Hite 2006 Installation of mudflat
Robert Hite (1956-2020) was a remarkable artist working through the mediums of painting, sculpture, photography and mixed media. A Guggenheim Fellow and resident artist at MASS MoCA, he was widely admired as part of the revival in Hudson Valley landscape art. He was also a skilled interpreter of people, animals and nature.

Rob was born in rural Virginia, but traveled broadly in the world. His influences were diverse. Early studies were at the Virginia Commonwealth University and the Corcoran School of Art in Washington DC. He also studied privately with the Washington Color School painter Leon Berkowitz, as well as with master ink brush painter Tham Sie Winn (Malaysia). He settled with his wife Katie and their children along the Hudson River in Esopus, NY, working out of a studio converted from an old church. Rob died of complications from cancer and covid in 2020.
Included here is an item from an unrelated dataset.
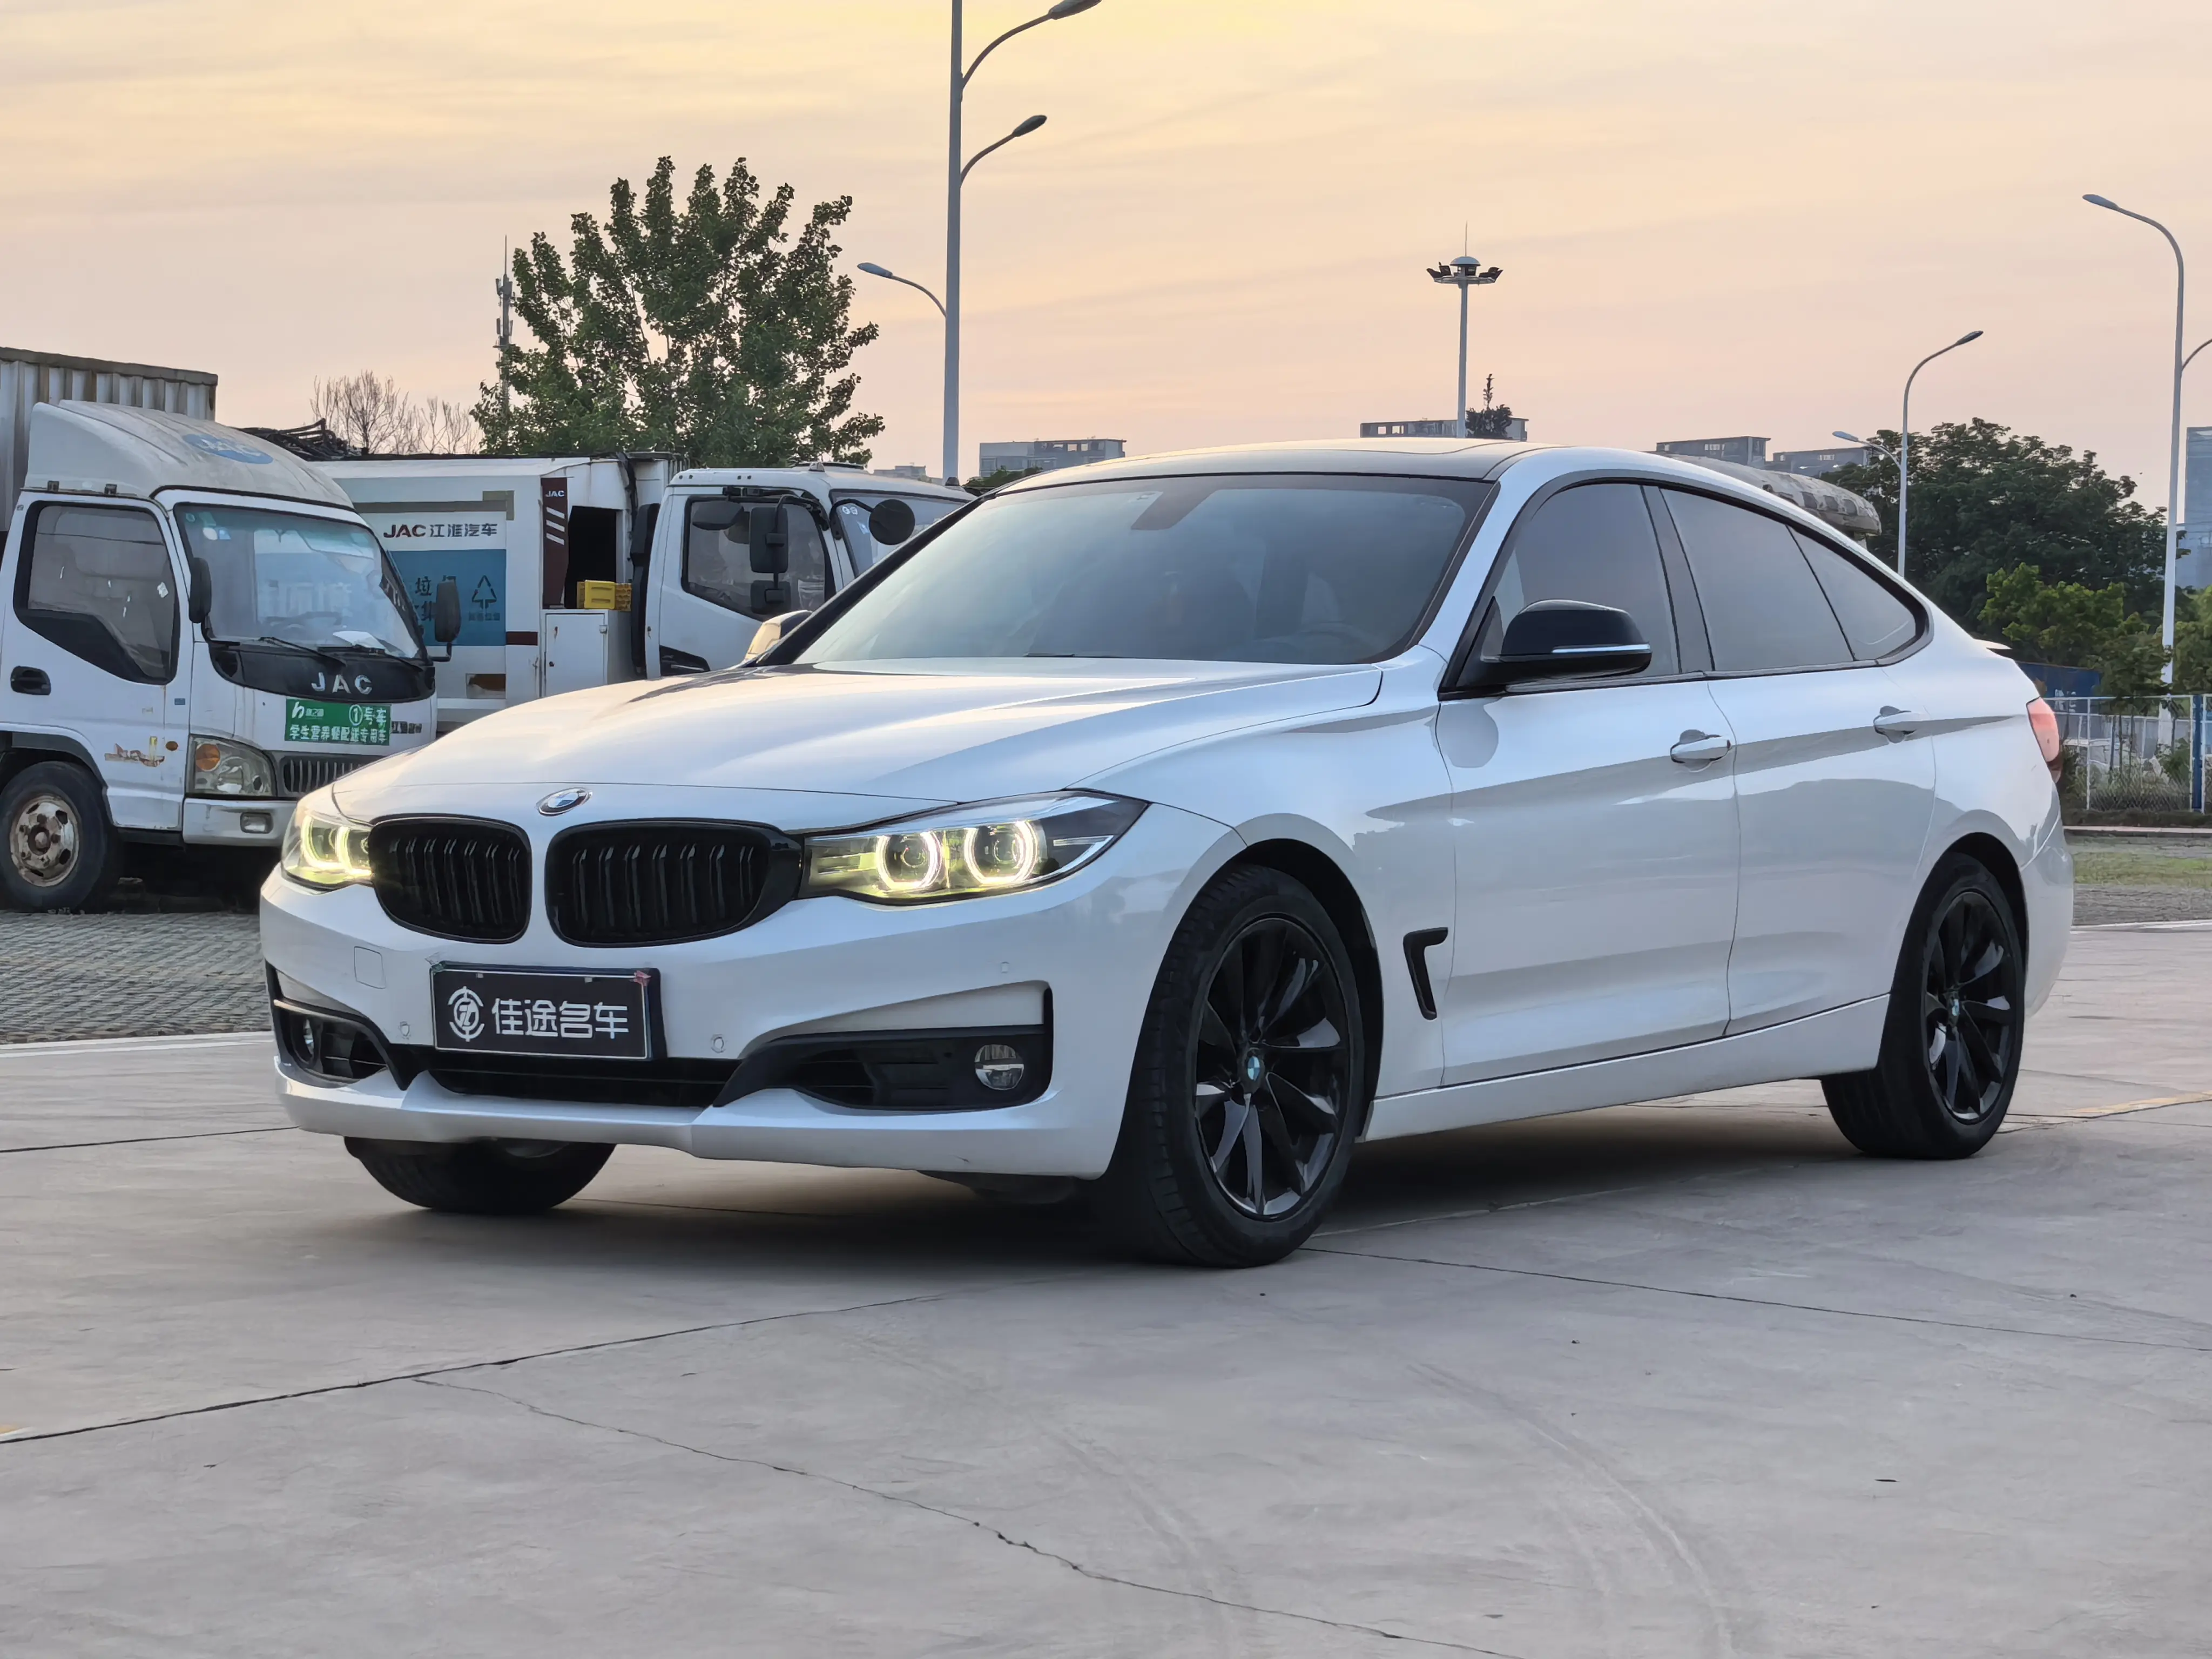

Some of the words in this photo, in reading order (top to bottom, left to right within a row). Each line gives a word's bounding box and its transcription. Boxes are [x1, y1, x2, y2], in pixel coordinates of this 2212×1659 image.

His work combines surreal forms, skilled configuration of elements, and striking colour schemes. He has an uncanny knack for morphing forms and investing them with layered meanings, all without losing their visual identity. This makes his work accessible, richly complex and unpretentious: a rare combination.
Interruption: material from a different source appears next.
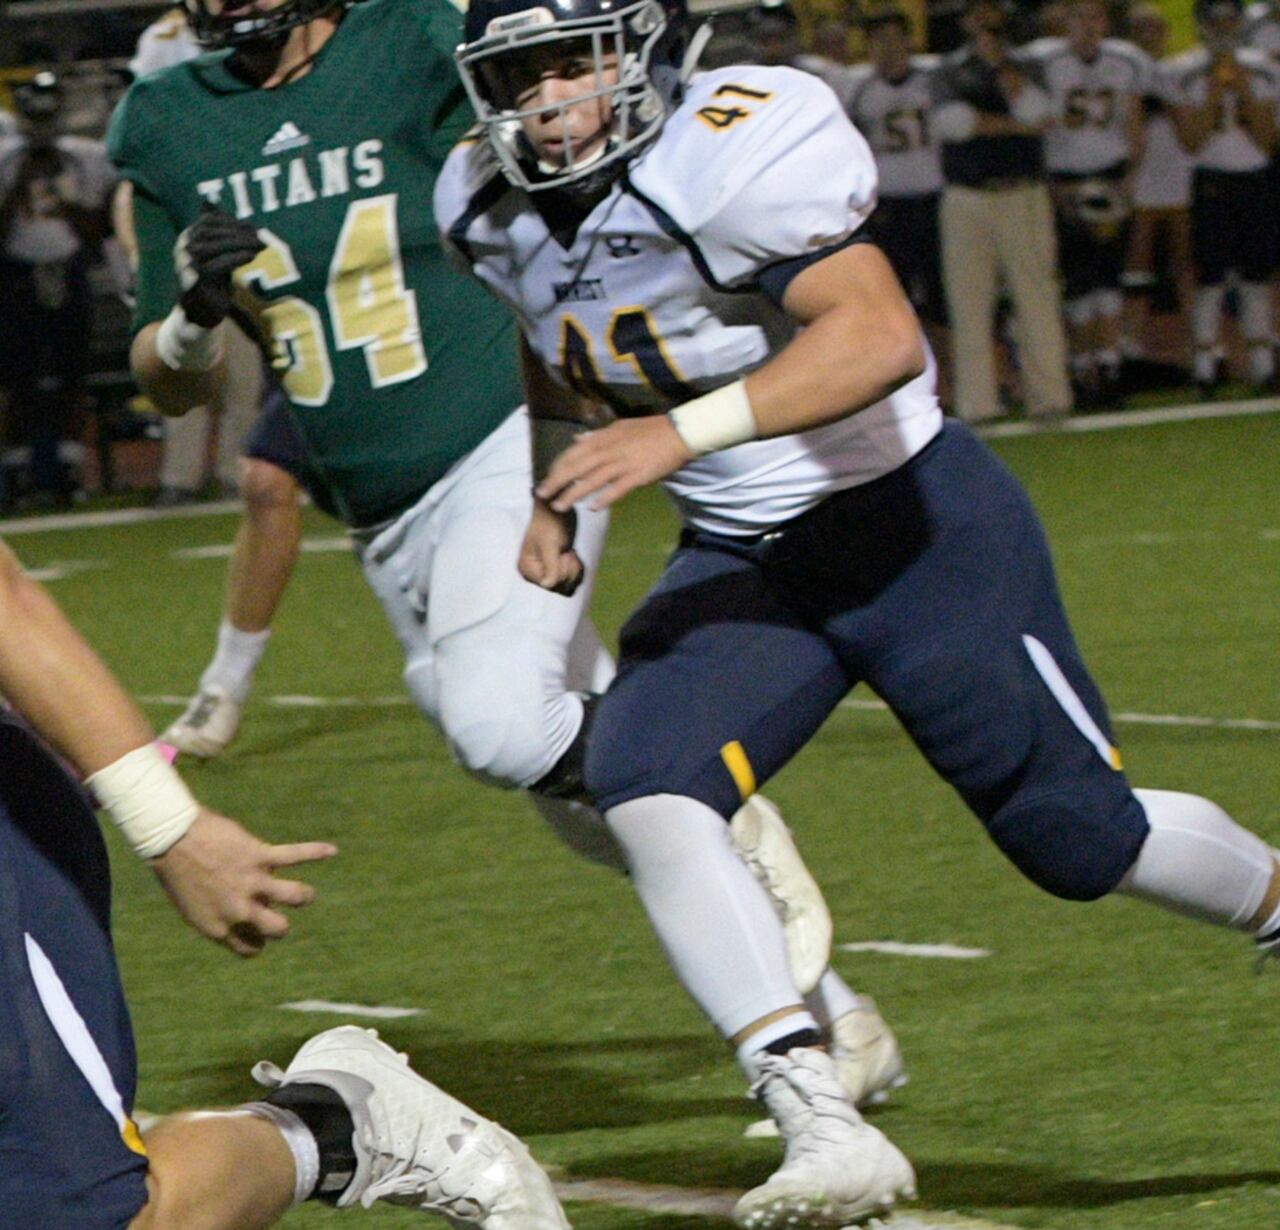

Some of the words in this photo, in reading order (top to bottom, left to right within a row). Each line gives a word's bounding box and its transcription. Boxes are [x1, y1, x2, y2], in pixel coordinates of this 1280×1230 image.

[693, 83, 775, 134] 41
[197, 138, 384, 220] TITANS
[231, 193, 429, 407] 64
The glory of his art, however, is not in its visual pleasure alone, but also in the meaning it conveys. The quote below is from a press release by the Social Science Research Council (SSRC) during an exhibition of Rob’s work in the Fall of 2003.

Hite’s work explores the realm where nature and humankind intersect. A sense of the delicate and transitory relationship between man and environment are aroused by bird silhouettes that punctuate smoke from a chimney fire and chairs that litter a yard recently vacated. His paintings and sculptures come filtered through a lens directed to the natural world, layered with gestures of human and ecological struggle and with a sensitivity for what is poetic and beautiful within this interaction…. Rob’s practice of using discarded objects both upholds and extends traditions of recycling and reuse that have by necessity been creative living strategies practiced by the majority of the world’s peoples.
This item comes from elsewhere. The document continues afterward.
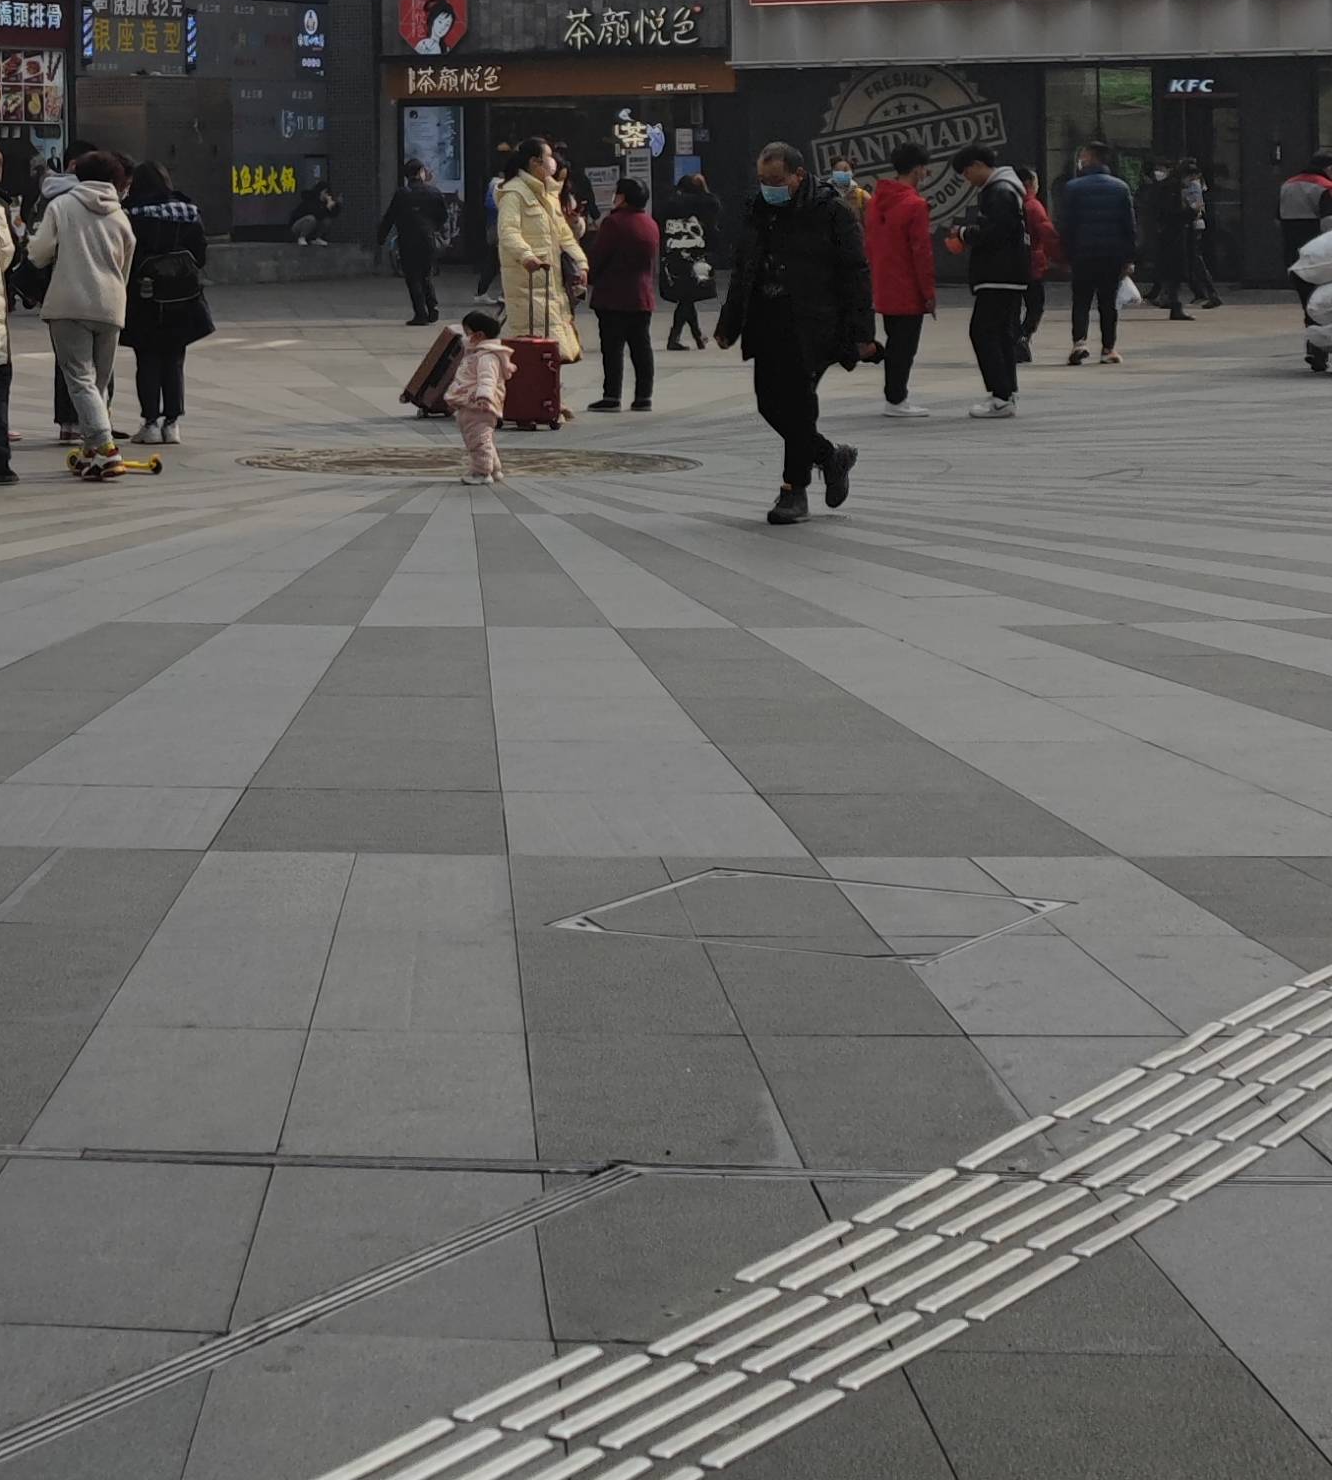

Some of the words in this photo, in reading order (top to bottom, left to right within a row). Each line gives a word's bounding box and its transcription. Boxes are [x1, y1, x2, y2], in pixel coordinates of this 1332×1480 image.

[94, 17, 181, 54] 银座造型
[863, 71, 934, 101] FRESHLY
[1170, 79, 1215, 92] KFC
[820, 111, 999, 173] HANDMADE
These are good interpretations and characterize much of the commentary about his work. Yet left on its own, this discourse of sustainability — of human privation, ecological struggle, and the global maldistribution of power and resources — misses the mark. Not because it is unimportant or lacks its own insights. Rather it draws too tight a focus on human beings and ‘our’ environment. Such commentary is silent about the animals and nature in Rob’s work.
Rob’s early work routinely depicts people and animals through painting. The people are physically invisible in our field of view but are nonetheless manifest through their artifacts, albeit juxtaposed in a landscape of animals and nature. We might describe this theme as “dwelling in mixed communities.” For Rob, dwelling is about people and animals living in natural and cultural landscapes. His art prefigures a vibrant vision of a mixed community of beings who are human and non-human, wild and domesticated.

Much of his latter work manifests this same vision, if in a different way. Take for example the sculpture and photography project, “Imagined Histories” from 2011, first shown at Nassau County Museum of Art. Here Rob creates sculptures of dwellings with a mythical sensibility, installs them in the landscape of the Hudson River Valley, and photographs the result. Displays of both the sculptures and photos are then shown in galleries around the Northeast. It is a beautiful body of art, some of which is shown here.

Rob scales us down to size, visually, aesthetically and morally. He depicts people as the animals we are, dwelling with other creatures in shared landscapes. He envisions a more humble humanity where we might live in a truly mixed community of people, animals and nature.